Since the Tibetan of D's description has neither phonemes nor phonological structure, it follows that it also has neither allomorphs nor morphophonemics; nor may its many forms that from time to time appear in different but obviously related shapes rigorously be associated with one another. Mostly no basic forms are postulated; but when they are, it is always obscure why a particular shape has been selected as the point of descriptive departure. Why, for example, is go selected as the allomorph under which to list the terminal or statement-closing particle (p. 358)? The form appears in one of ten possible different shapes, of which go is merely a single unrepresentative example. Such features require the postulation of basic forms and the formulation of rules predicting the surface realizations; there are none here.

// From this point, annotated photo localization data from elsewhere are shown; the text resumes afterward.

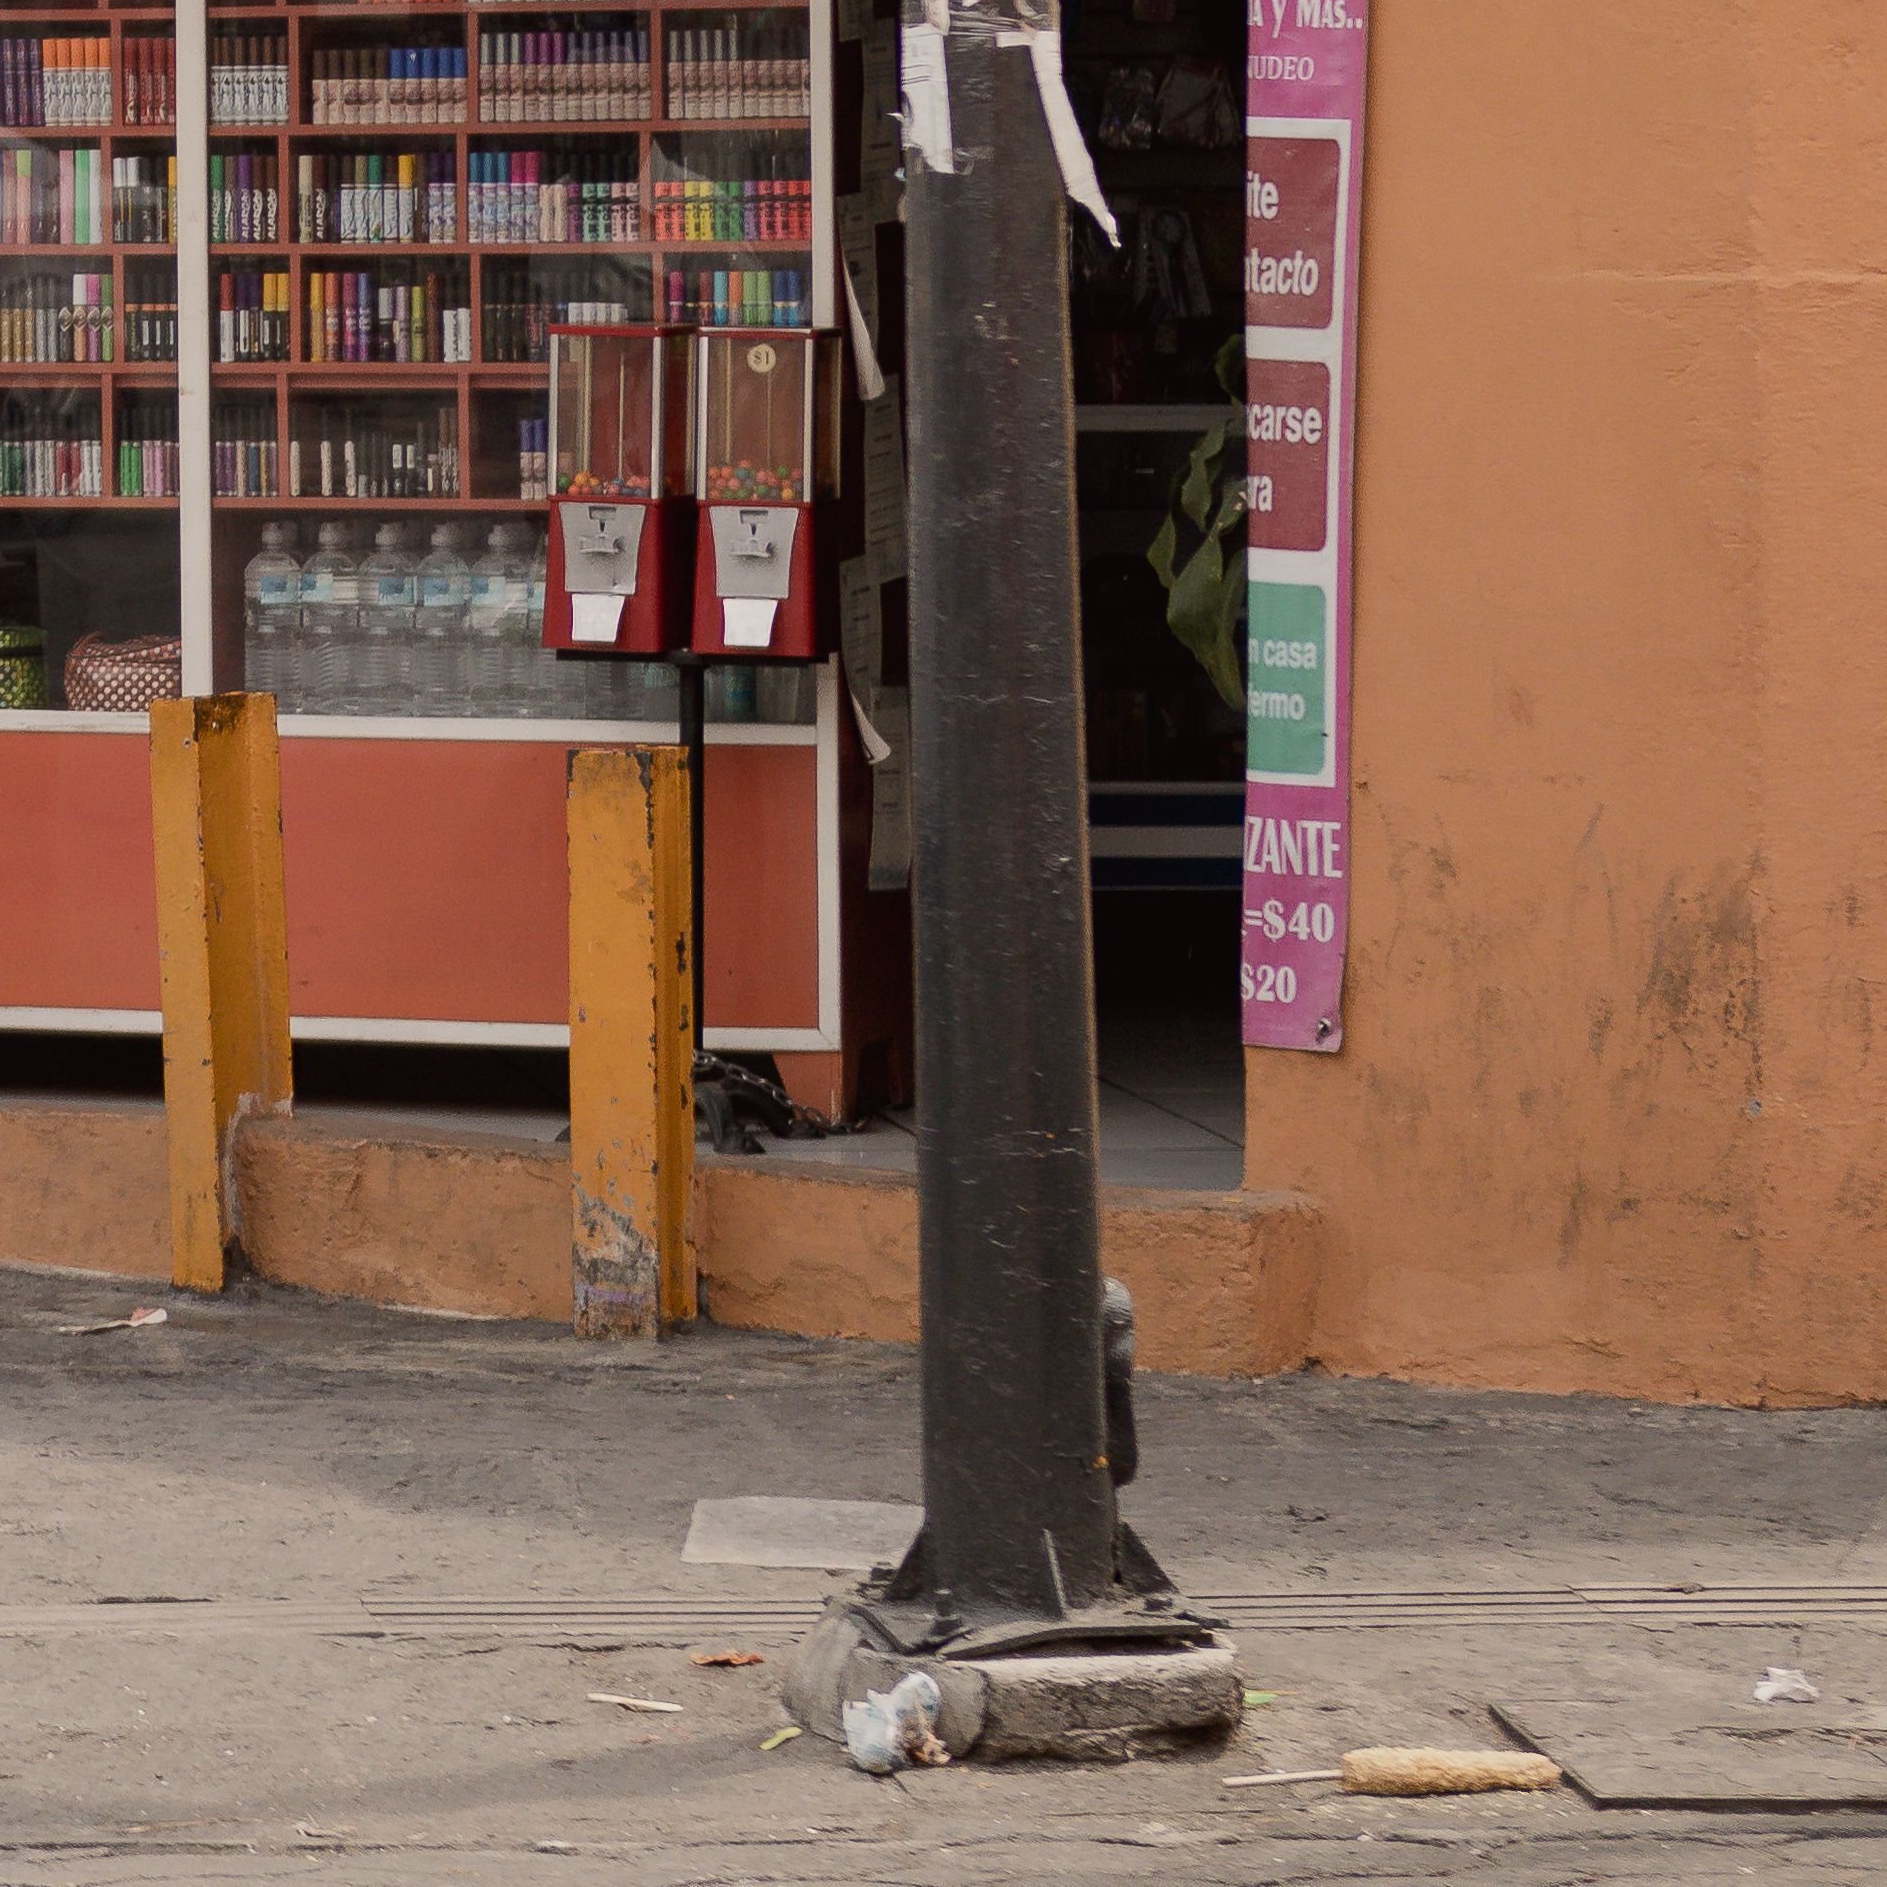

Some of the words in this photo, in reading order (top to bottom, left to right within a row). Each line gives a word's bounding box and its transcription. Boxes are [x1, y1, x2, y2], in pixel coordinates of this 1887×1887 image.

[1246, 170, 1279, 220] ite
[1245, 248, 1319, 296] tacto
[1247, 404, 1323, 444] carse
[1263, 640, 1316, 669] casa
[1248, 684, 1306, 721] ermo
[1245, 815, 1342, 878] ZANTE
[1241, 897, 1335, 943] =$40
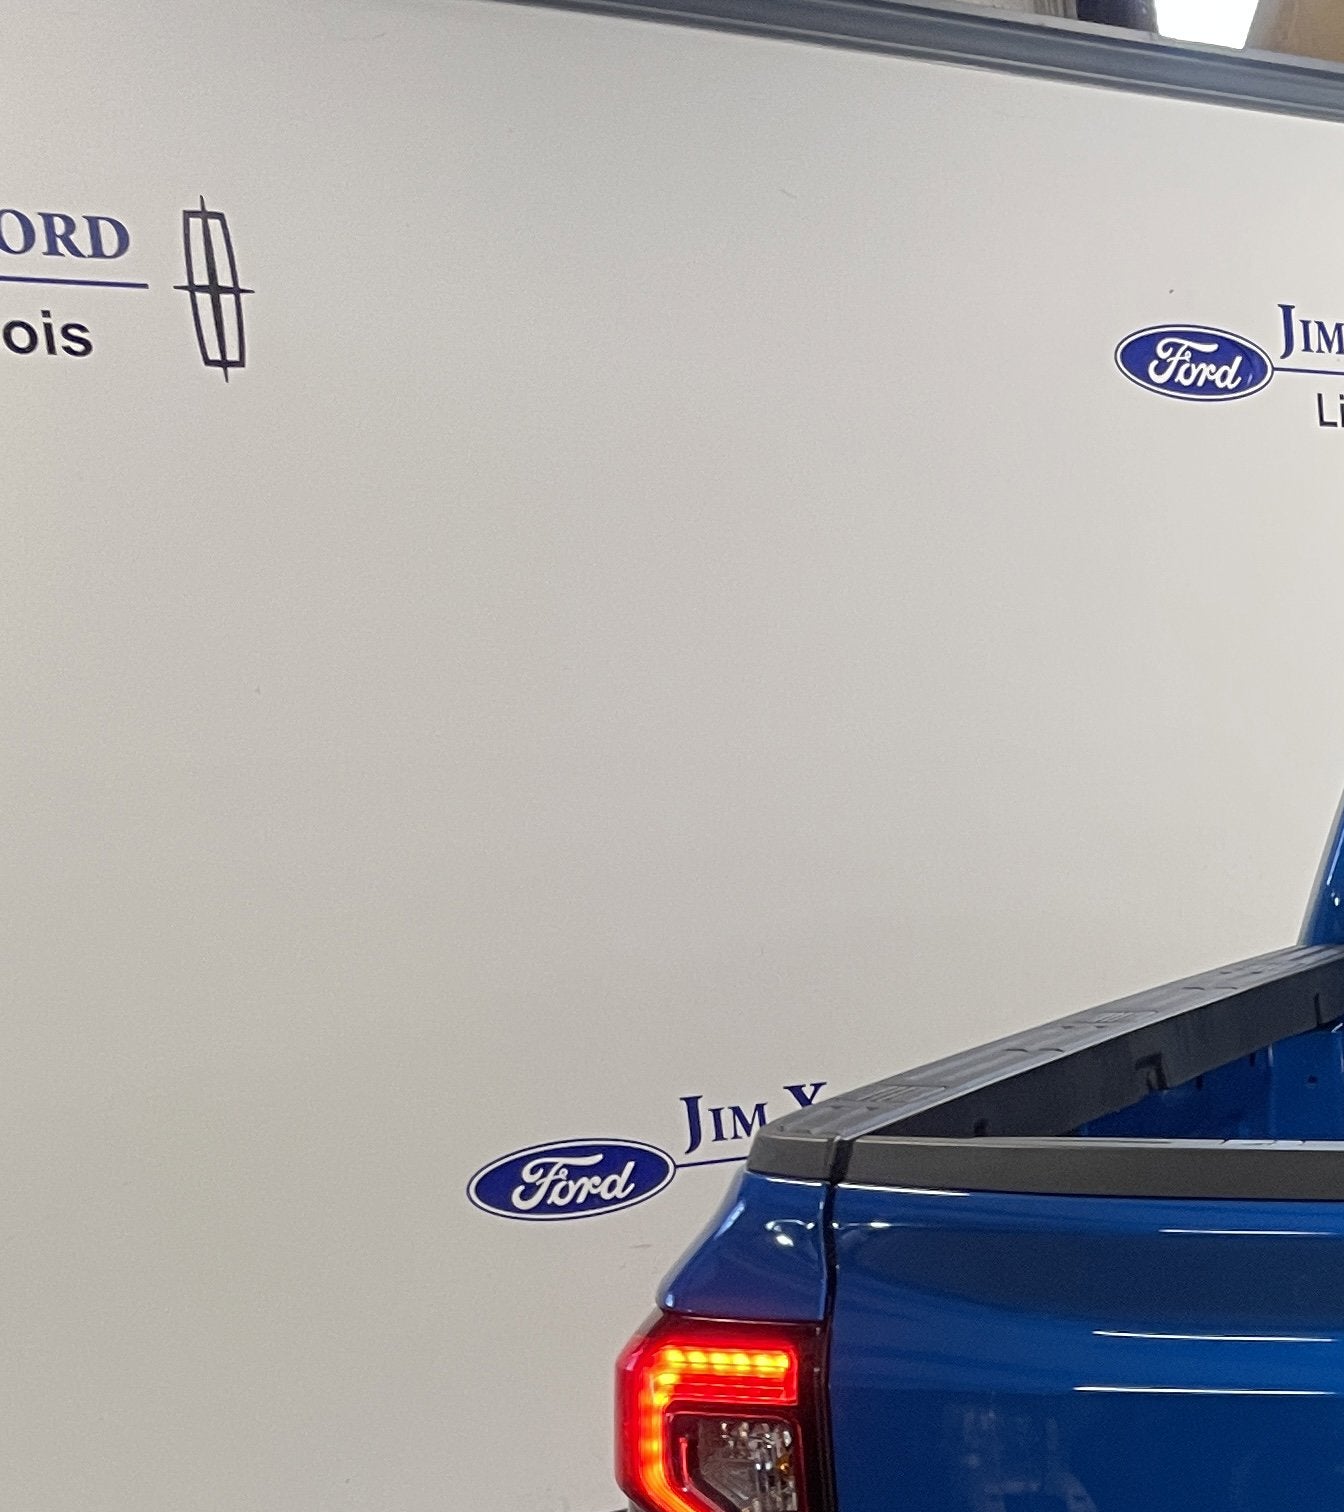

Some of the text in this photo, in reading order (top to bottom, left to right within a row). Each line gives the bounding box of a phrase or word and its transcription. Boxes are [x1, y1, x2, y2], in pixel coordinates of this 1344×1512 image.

[1148, 336, 1242, 390] Ford
[679, 1095, 768, 1155] JIM
[511, 1153, 636, 1211] Ford
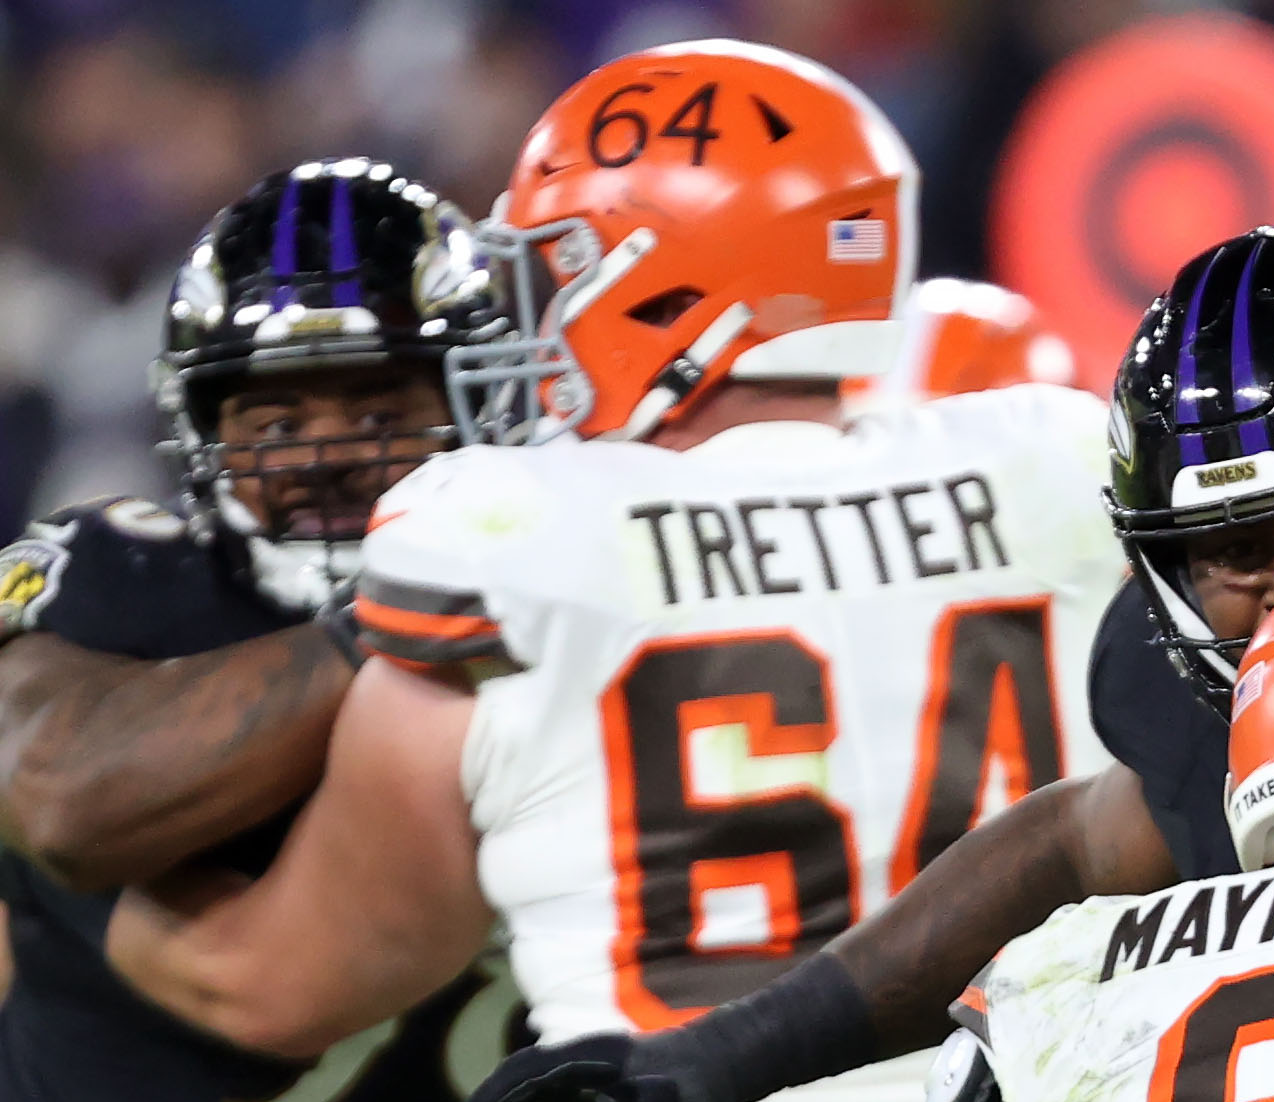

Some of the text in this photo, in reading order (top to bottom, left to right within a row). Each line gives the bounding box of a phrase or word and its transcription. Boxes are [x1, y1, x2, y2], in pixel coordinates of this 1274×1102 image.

[588, 81, 722, 169] 64
[1195, 461, 1258, 488] RAVENS
[629, 469, 1012, 606] TRETTER
[597, 593, 1069, 1034] 64

Similarly, morphologically determined allomorphs of a small list of nouns are an important feature of the language (/chu/ 'water' in isolation and certain compounds, but /chub-/ in certain others, e.g., /chub-ja/'water-bird' with/-ja/ [less than]/ca/'bird';similarly,/cu/'10', but /cug-/ in '11' and/cur-/ in '19', rewriting forms from D's p. 76 in a probable phonemic version of his IPA renderings). In this book the morphological operations involved in such forms as these are neither described nor explained; their final /-b-, -g-, -r-/ archiphonemes of neutralization are recognized only in their trivial surface realizations and then assigned to the initials of the morphemes that follow in the composita in question. This in turn results in apparent (but surely not real) consonant-cluster initials for certain morphemes in what is otherwise, by D's fiat, a "non-cluster" variety of Tibetan.
In this particularly egregious bit of descriptive leger-demain it is of course D's knowledge of the Tibetan script that is operative ('water-bird' is written chu.bya; '11' is bcu.gcig: '19' is bcu.dgu), as in a hundred other places in the book. Even a perfectly routine articulatory sequence like [an] is split between two morphemes, with -a final in the former and n. Initial in the "cluster-initial" of the latter, for no other reason than because a word such as D's [tanda] 'now' is written da.lta (p. 76). Small wonder then that we read here of something called "phonetic vowels" (p. 79), leaving open the question of what other kind of vowels a language might possess; or that to be "invariable in its Tibetan spelling" (p. 87) is one of D's four formal criteria for defining his form-class "noun" (the fourth in his list, "[it] may occur in noun words only," is scarcely more informative).
D identifies three colleagues who helped him compile the "Bibliography" (pp. 306-56) that concludes the book; he ought to have checked their work before printing it. Spectacularly absent bath from these pages and from the text as well is Y. R. Chao's essential 1930 monograph, already cited supra; perhaps this silence reflects the fact that the Chao analysis carefully documents phonetic and phonological details that, in turn, refute D's allegation that the language he is writing about is Lhasa Tibetan.
But there are many other less easily explained omissions as well, notably of works that D does cite in his text. Of the eight sources he cites by author and year of publication in note 3, p. 19, five (Clauson and Yoshitake 1929; Uray 1955a; Hoernle 1916; Laufer 1918; Thomas 1951) are missing from the bibliography; missing also is Nishida 1970, frequently cited in the text (e.g., p. 23) but never further identified. Japanese scholarship on Tibetan is treated especially shabbily. Inaba 1955 (p. 323) and Kitamura 1955b (p. 325) are both simply bogus; no such works have ever been published. Similarly bogus but in a different fashion is Sato 1963 (P. 340), a study of the history of a Ming-period ecclesiastical lineage not remotely concerned with the Tibetan language; and far too many of the romanizations of Japanese book- and article titles are garbled to admit of correction here, even in the cases where the works cited do actually exist.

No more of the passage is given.